A insensatez de Pimenta, profissional de um currículo notável e
raro, abalou os jornalistas, desacostumados, exceto pela leitura
dos jornais, com esse tipo de crime.
Os jornalistas estão, há muito,
habituados a crises conjugais, tamanho o número de profissionais
já no segundo, no terceiro ou mesmo no quarto casamento. Mas
crimes passionais acontecem com
os "outros", capturados nas páginas ou câmeras de TV, não por
quem embala notícia.
O caso Pimenta trouxe para
dentro das redações uma dimensão trágica da crise conjugal. Ainda mais por ele ter trabalhado no
topo da imprensa; da Folha, passando pela Gazeta Mercantil,
Banco Mundial e, enfim, O Estado de S. Paulo - nessa trilha, ele
frequentou cenários como Harvard.
Esse exemplo de insensatez é,
entretanto, a rotina dos assassinatos.
Quando se fala em assassinato,
a população tende a imaginar o
ladrão, sequestrador, marginal,
traficante, crime organizado. Não
é bem assim. É menos, aliás, do
que se imagina.
Os chamados conflitos interpessoais (vinganças, discussões privadas, brigas nos bares, guerra
entre torcidas) são as principais
causas dos homicídios. São os momentos de insensatez, quando o
indivíduo perde a cabeça, não
mede as consequências; segundos
fatais em que o revólver dispara.
Os números da insensatez e sua
importância na violência urbana
foram apresentados, segunda-feira passada, um dia antes daquela
carta de Pimenta, na Universidade de São Paulo, pelo pesquisador
Renato Sérgio Lima.
Pesquisador da Fundação Seade (Fundação Sistema Estadual
de Análise de Dados), Renato Lima divulgou estudo com análise
dos homicídios na cidade de São
Paulo em 1995 -esse tipo de dado é o que coloca o tema segurança na agenda dos candidatos à
prefeitura, detonando promessas
impossíveis, demagógicas ou ilusórias.
A preocupação de Renato Lima
era saber até que ponto o tráfico
de drogas impulsionava a criminalidade. Ele dividiu as causas
em três categorias: conflitos interpessoais, crime organizado e criminalidade não-organizada (latrocínio).

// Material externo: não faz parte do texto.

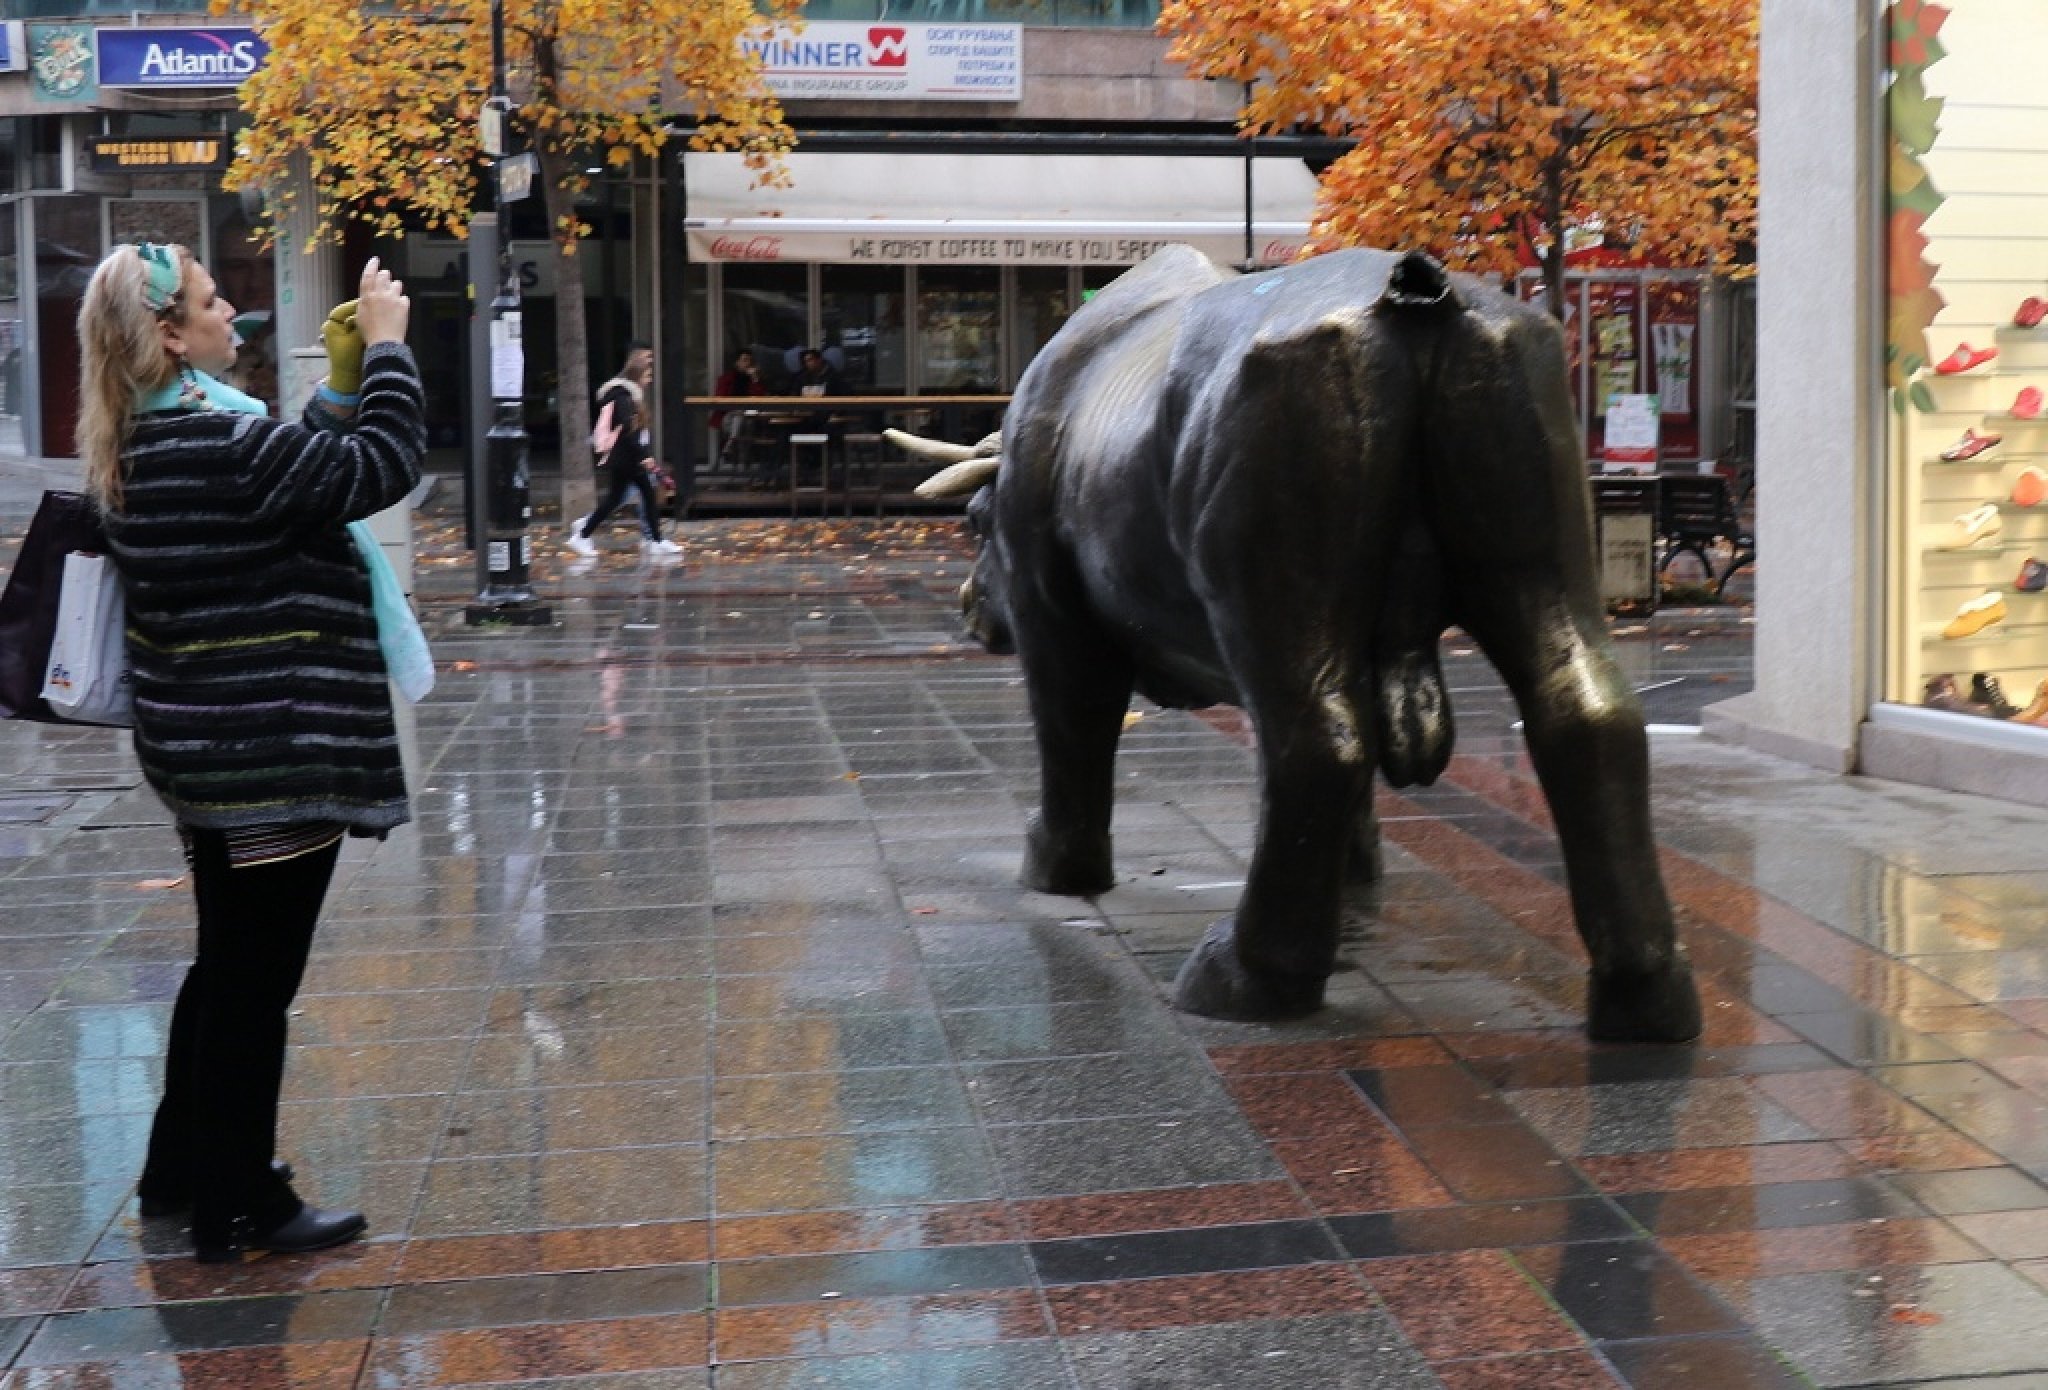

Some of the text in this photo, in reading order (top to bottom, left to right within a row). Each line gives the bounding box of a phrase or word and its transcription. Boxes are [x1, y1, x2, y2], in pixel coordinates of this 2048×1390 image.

[139, 41, 257, 75] AtlantiS
[742, 41, 862, 67] WINNER
[793, 80, 862, 90] INSURANCE
[866, 80, 908, 91] GROUP
[96, 143, 169, 154] WESTERN
[851, 239, 874, 258] WE
[881, 240, 931, 258] ROAST
[939, 240, 997, 258] COFFEE
[1004, 240, 1026, 258] TO
[1032, 240, 1073, 259] MAKE
[1080, 240, 1112, 260] YOU

Entre os crimes que tiveram os
motivos claramente definidos (os
demais faltavam dados por problemas de inquérito e investigação), observa-se a força dos conflitos pessoais. Nada menos que
56%.
Tradução: de cada 100 assassinos, 56 poderiam escrever cartas
semelhantes à de Antônio Pimenta. Perderam a cabeça, foram
guiados pelo desespero, pânico,
desequilíbrio, loucura.
Dos homicídios contra mulheres, segundo a pesquisa de Renato
Lima, 40% foi praticado no âmbito das relações familiares.
O crime organizado respondeu,
em segundo lugar, com 23% e, em
último, latrocínio, 21%.
Aquele crime que mais tememos -alguém matar depois de
roubar- está em terceiro lugar.
Não significa, claro, que não seja grave. Longe disso. Significa
apenas que a questão da violência é, majoritariamente, provocada pelo crime organizado e conflitos interpessoais.

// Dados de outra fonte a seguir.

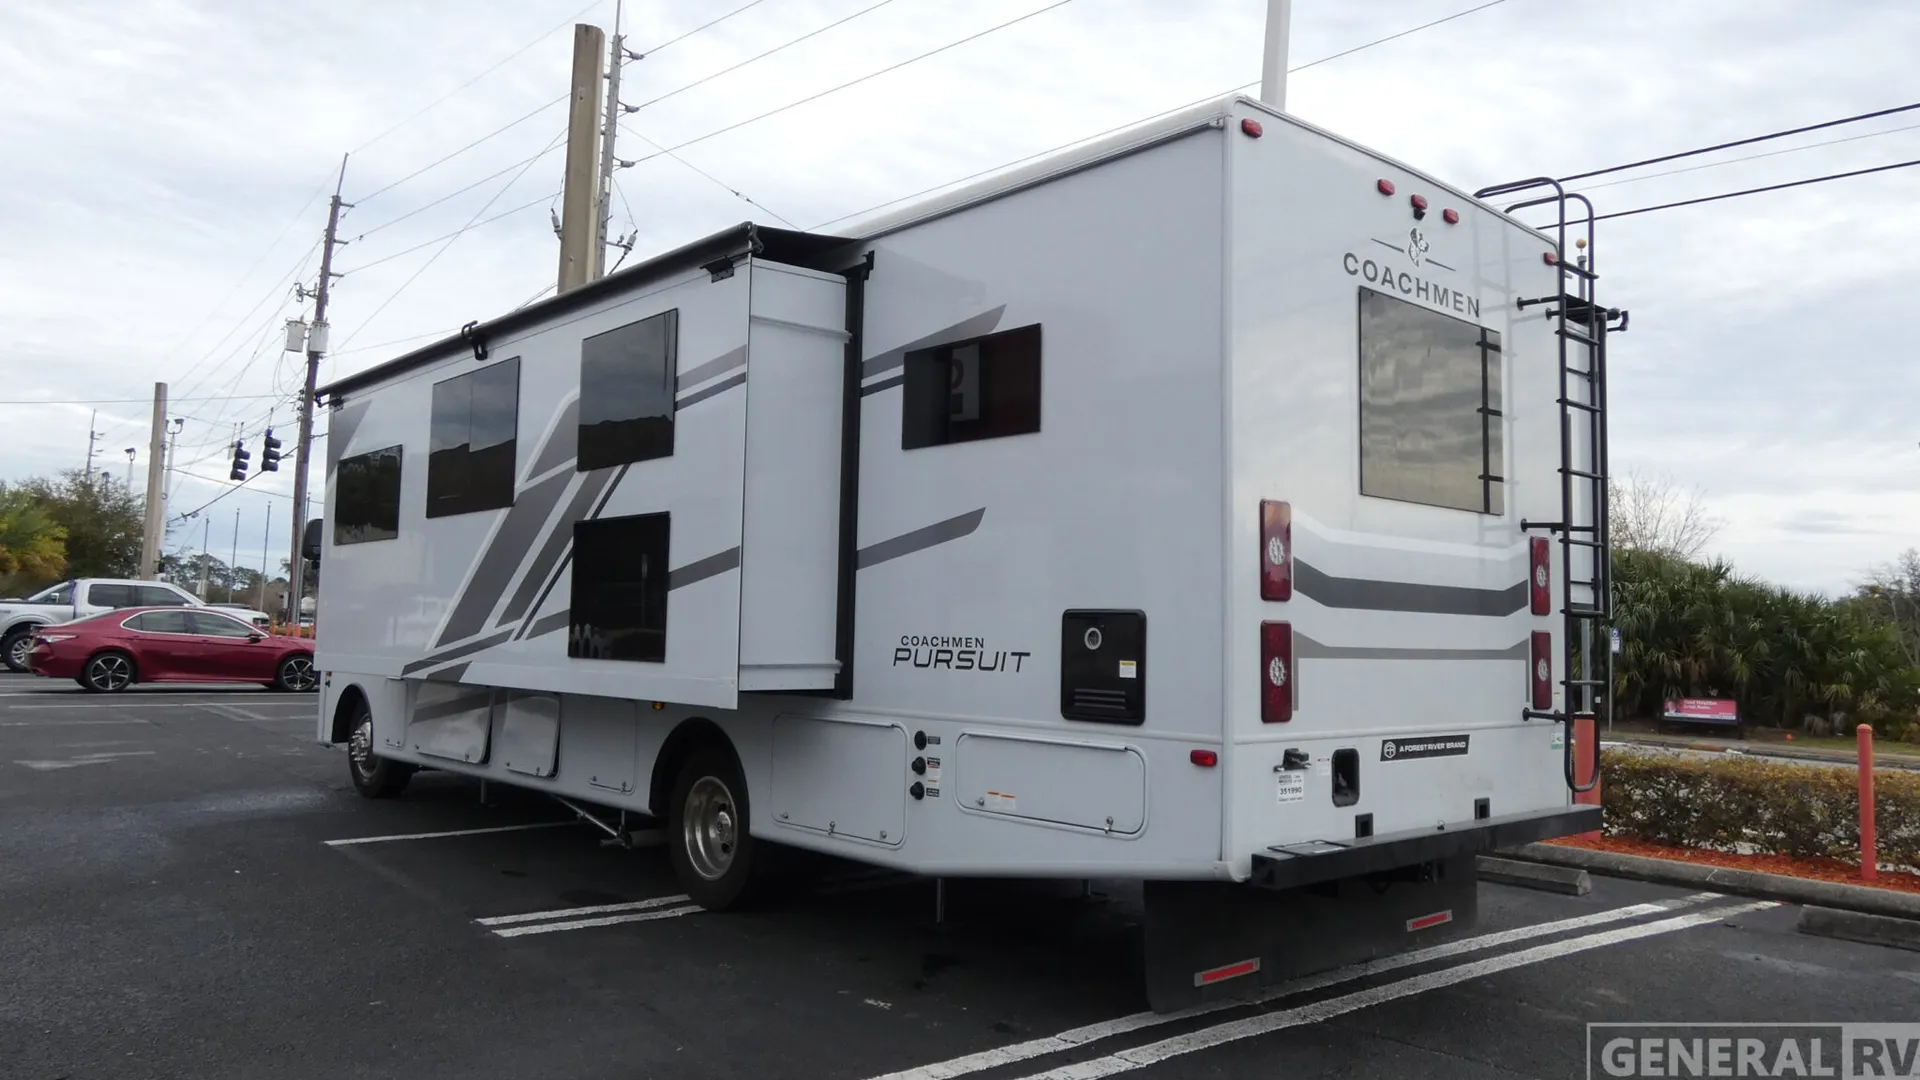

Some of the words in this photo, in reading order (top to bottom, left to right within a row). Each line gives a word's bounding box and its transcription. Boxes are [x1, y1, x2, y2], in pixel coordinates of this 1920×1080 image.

[1343, 252, 1480, 318] COACHMEN
[900, 635, 984, 648] COACHMEN
[893, 648, 1031, 673] PURSUIT
[1399, 745, 1405, 753] A
[1446, 741, 1467, 749] BRAND
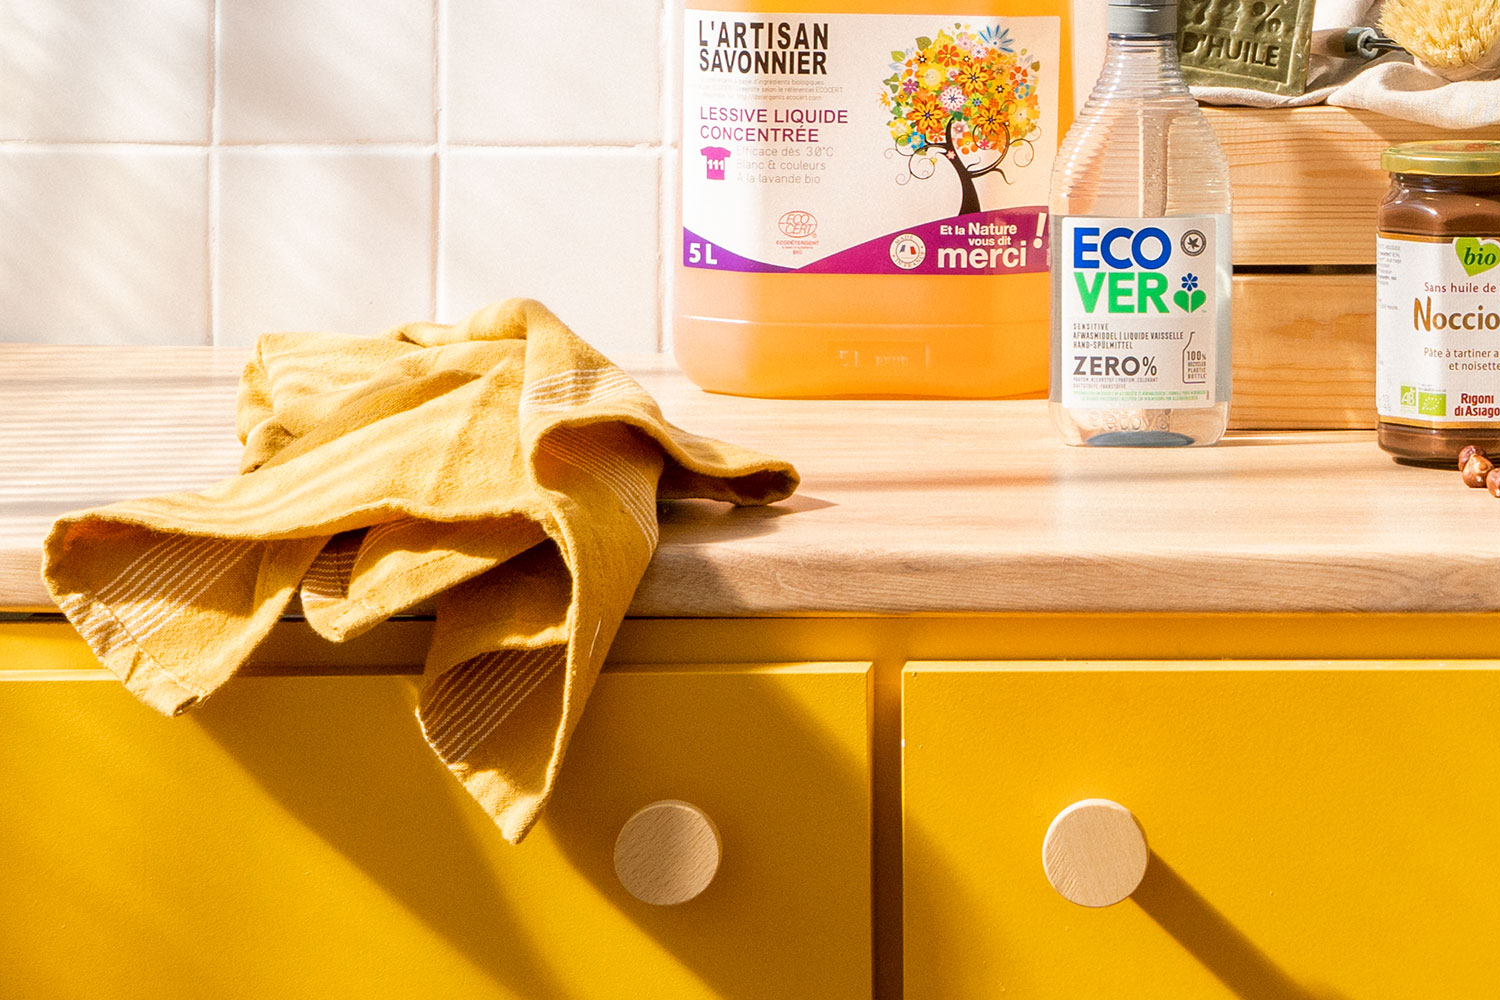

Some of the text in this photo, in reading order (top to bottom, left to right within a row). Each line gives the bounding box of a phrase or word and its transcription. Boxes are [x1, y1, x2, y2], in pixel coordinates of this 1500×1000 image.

[699, 20, 829, 50] L'ARTISAN
[699, 48, 828, 75] SAVONNIER
[700, 106, 848, 124] LESSIVE LIQUIDE
[700, 125, 819, 143] CONCENTRÉE
[767, 160, 777, 170] &
[780, 160, 827, 171] couleurs
[759, 174, 821, 184] lavande bio
[785, 213, 810, 225] ECO
[785, 223, 813, 235] CERT
[940, 222, 1017, 236] Et la Nature
[968, 236, 1012, 246] vous dit
[688, 242, 718, 265] 5 L
[938, 240, 1026, 269] merci
[1073, 227, 1172, 270] ECO
[1463, 247, 1496, 266] bio
[1073, 272, 1170, 314] VER
[1424, 282, 1447, 293] Sans
[1450, 282, 1479, 293] huile
[1483, 282, 1497, 293] de
[1073, 331, 1184, 340] AFWASMIDDEL LIQUIDE VAISSELLE
[1073, 341, 1133, 350] HAND-SPÜLMITTEL
[1424, 348, 1443, 358] Pâte
[1446, 348, 1451, 358] à
[1453, 349, 1492, 358] tartiner
[1448, 362, 1459, 371] et
[1461, 393, 1494, 405] Rigoni
[1454, 406, 1500, 418] di Asiago

Dados semelhantes foram encontrados em pesquisas americanas e indicavam que a maioria
dos homicídios ocorre entre pessoas que se conhecem.
Vemos, assim, a complexidade
da questão da violência que, óbvio, passa a quilômetros de distância das análises dos candidatos, a maioria deles interessada
em enredar o eleitor com soluções
milagrosas.
Uma política de segurança pública envolve não apenas caçar e
punir criminosos, mas reduzir a
tensão de uma sociedade, a ajudar na intermediação de conflitos, cultivar o diálogo. Lugares
sem polícia ou Poder Judiciário
tendem a estimular justiça com as
próprias mãos, justamente pela
falta de intermediação.
Basta dizer que, em várias cidades, experimentaram o esporte
para ajudar na intermediação de
conflitos. Atraíram gangues para
torneios esportivos, deixando as
armas de lado. Isso, somente, reduziu a taxa de violência em alguns bairros.
Sabe-se, hoje, que o lazer e o esporte se prestam a antídotos contra a violência, assim como programas realizados em escolas e
apoio psicológico para percepção
precoce de distúrbios -quantas
vidas não seriam salvas se pudéssemos, em larga escala, detectar e
ajudar pessoas com distúrbios
psicológicos.
Na carta que deveria ser a despedida suicida, Antônio Pimenta
explica por que se mataria -a vida tinha perdido valor.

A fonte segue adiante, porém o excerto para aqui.